La mattina del giorno di Santo Stefano, di fronte al cimitero di Gaiarine, nei pressi di Conegliano Veneto, Calogero e Lorenzon si incontrano per la prima volta. Il secondo appuntamento avviene qualche giorno dopo in un piano bar di Spresiano. Chiacchierate informali in cui Lorenzon riferisce al magistrato il contenuto di alcuni strani discorsi che un amico, un libraio di Castelfranco Veneto, Giovanni Ventura, gli aveva fatto negli ultimi mesi: cenni ad alcuni dettagli tecnici sugli attentati ai treni dell’agosto 1969 e, poi, le confidenze fatte proprio il 13 dicembre, giorno successivo alla strage di piazza Fontana.
«Lorenzon» ricorda Calogero «mi raccontò che Ventura era sconvolto. Parlando della strage alla Banca nazionale dell’agricoltura, gli aveva detto che era stato commesso un errore che aveva provocato una carneficina. E aveva aggiunto che se la situazione non fosse cambiata, presto ci sarebbero stati altri “botti”.» Lorenzon spiega anche che l’amico da tempo si vantava di far parte di un’organizzazione militare di destra che mirava ad abbattere lo Stato. Affermazioni che fino a quel giorno gli erano sembrate solo millanterie.
Con grande fatica Calogero convince Lorenzon a verbalizzare i contenuti di quelle conversazioni. Dopo esserci riuscito, ottiene la sua piena collaborazione: il testimone accetta persino di andare a un colloquio con Ventura nascondendo sotto la camicia una microspia collegata con un registratore a bordo di un’auto di copertura della polizia, una rarità per l’epoca. Ma, a quel punto, Calogero incontra il primo scoglio. Quando Lorenzon e i poliziotti tornano nell’albergo dove il magistrato li aspetta per ascoltare la registrazione, trovano il nastro completamente vuoto. «Cose che capitano» pensa il magistrato.
Alla successiva occasione, Calogero si premura di controllare personalmente che la microspia e il registratore collegato funzionino a dovere. «Dopo l’incontro Lorenzon ci raggiunse in albergo raggiante: Ventura gli aveva parlato degli attentati sui treni della notte tra l’8 e il 9 agosto 1969, una decina di esplosioni in zone diverse del paese, prova della struttura organizzata e della capacità offensiva del gruppo. Ma quando andammo ad ascoltare la registrazione, la trovammo – incredibilmente – di nuovo muta.
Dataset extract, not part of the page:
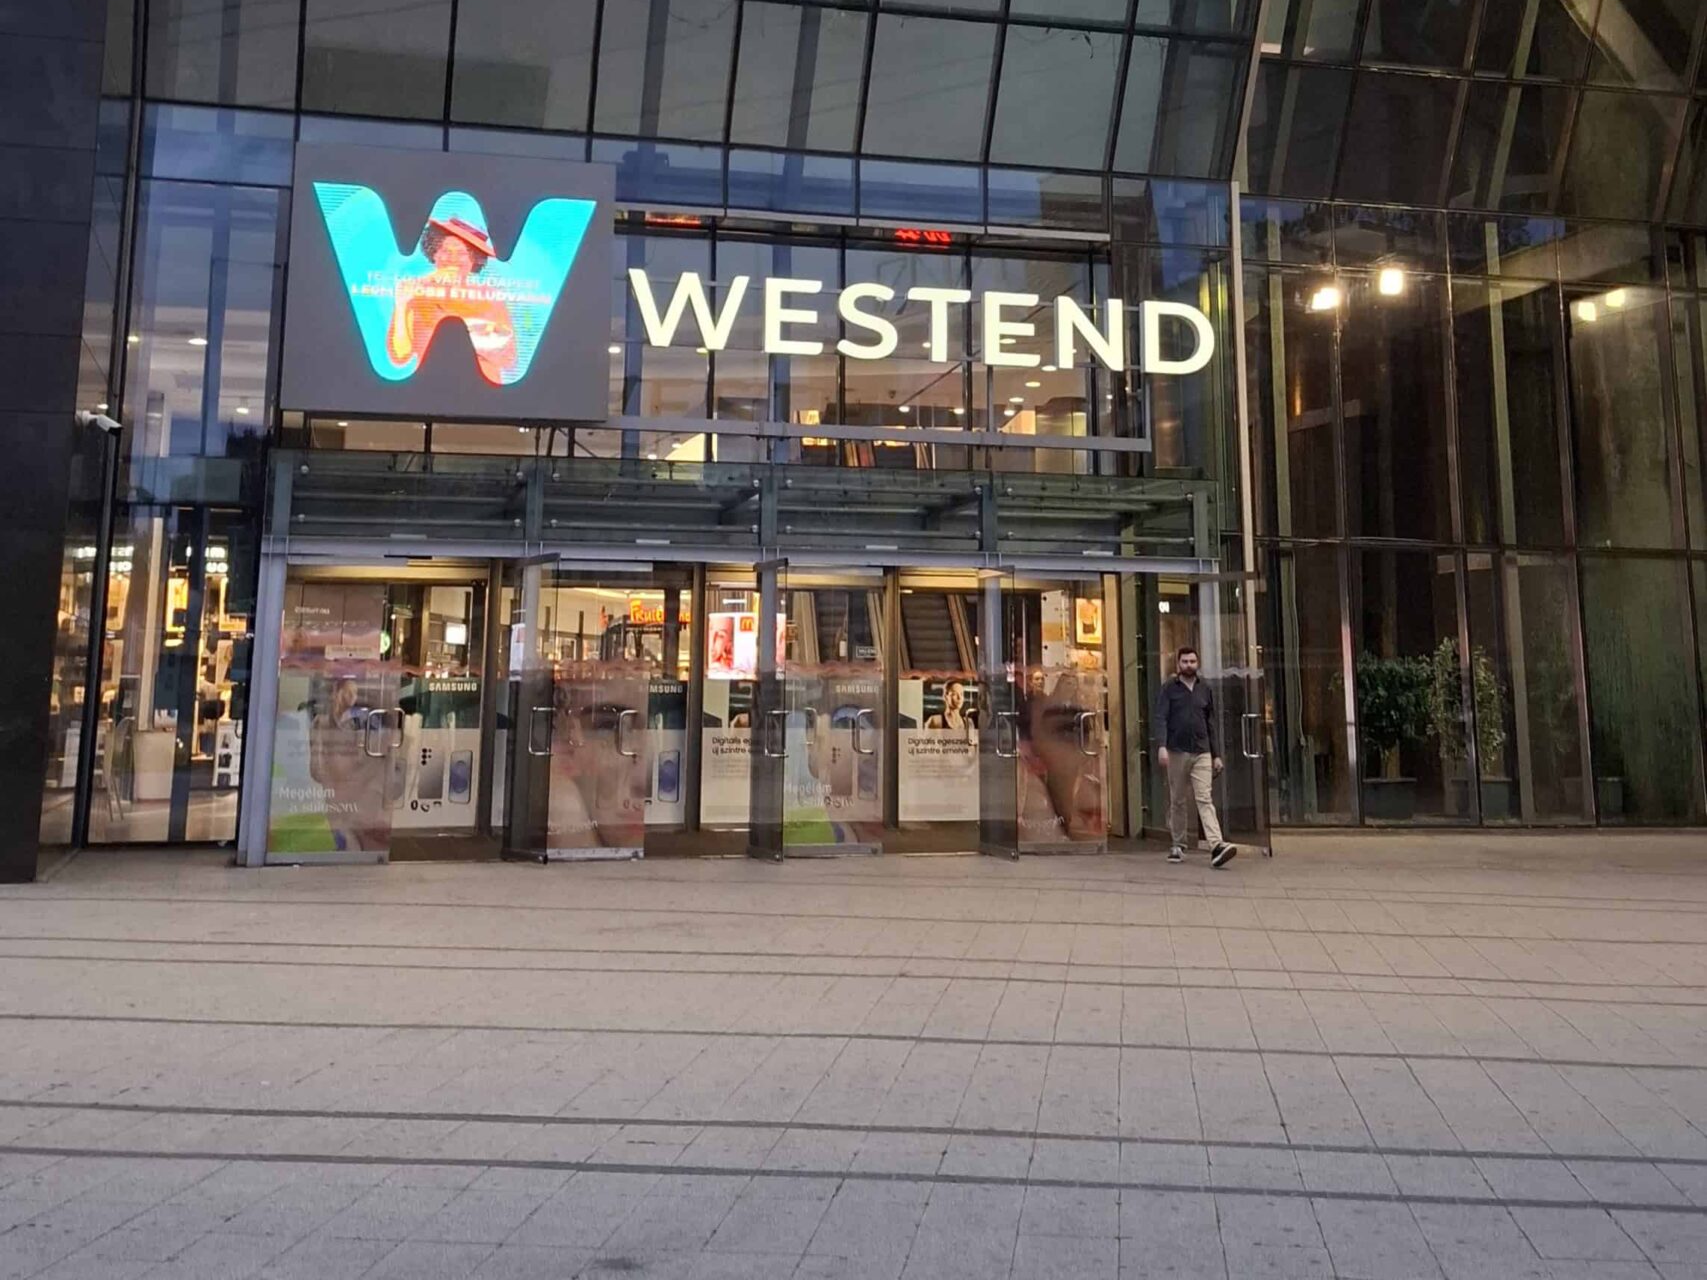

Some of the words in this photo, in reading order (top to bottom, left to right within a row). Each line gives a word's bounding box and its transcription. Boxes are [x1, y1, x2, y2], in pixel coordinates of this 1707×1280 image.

La polizia non poteva accampare di nuovo la scusa delle bobine mal posizionate, e ci fu un momento di forte imbarazzo. Feci finta di nulla, ma dentro di me era ormai assodato che c’era una resistenza passiva alle indagini che andavano in una direzione diversa dalla pista anarchica.» Per Calogero fu chiaro che erano due i fronti su cui doveva combattere: l’eversione nera e le forze interne allo Stato che non avevano interesse a far emergere le responsabilità dei veri artefici della strategia della tensione.
«Negli anni a cavallo tra i Sessanta e i Settanta il centro propulsore delle indagini in materia di terrorismo era l’ufficio Affari riservati del ministero dell’Interno. Questo centro riteneva che l’unica pista seria per gli attentati che avevano scosso l’Italia fosse quella anarchica, spingendo così, direttamente o indirettamente, la polizia giudiziaria a non collaborare con i magistrati che seguivano una pista diversa.»
Per superare l’impasse, Calogero decide di stravolgere il protocollo operativo e di condurre lui stesso le indagini. «Mi calo una coppola in testa e mi nascondo nel retro di una Nsu Prinz cui erano stati tolti i sedili. Era parcheggiata di fronte alla stazione di Mestre, a pochi metri dall’hotel Plaza dove Guido Lorenzon e Giovanni Ventura avevano appuntamento con un avvocato di Padova, amico di Ventura. Scoprimmo poi che era Franco Freda. Ascoltai e registrai oltre due ore di colloquio.»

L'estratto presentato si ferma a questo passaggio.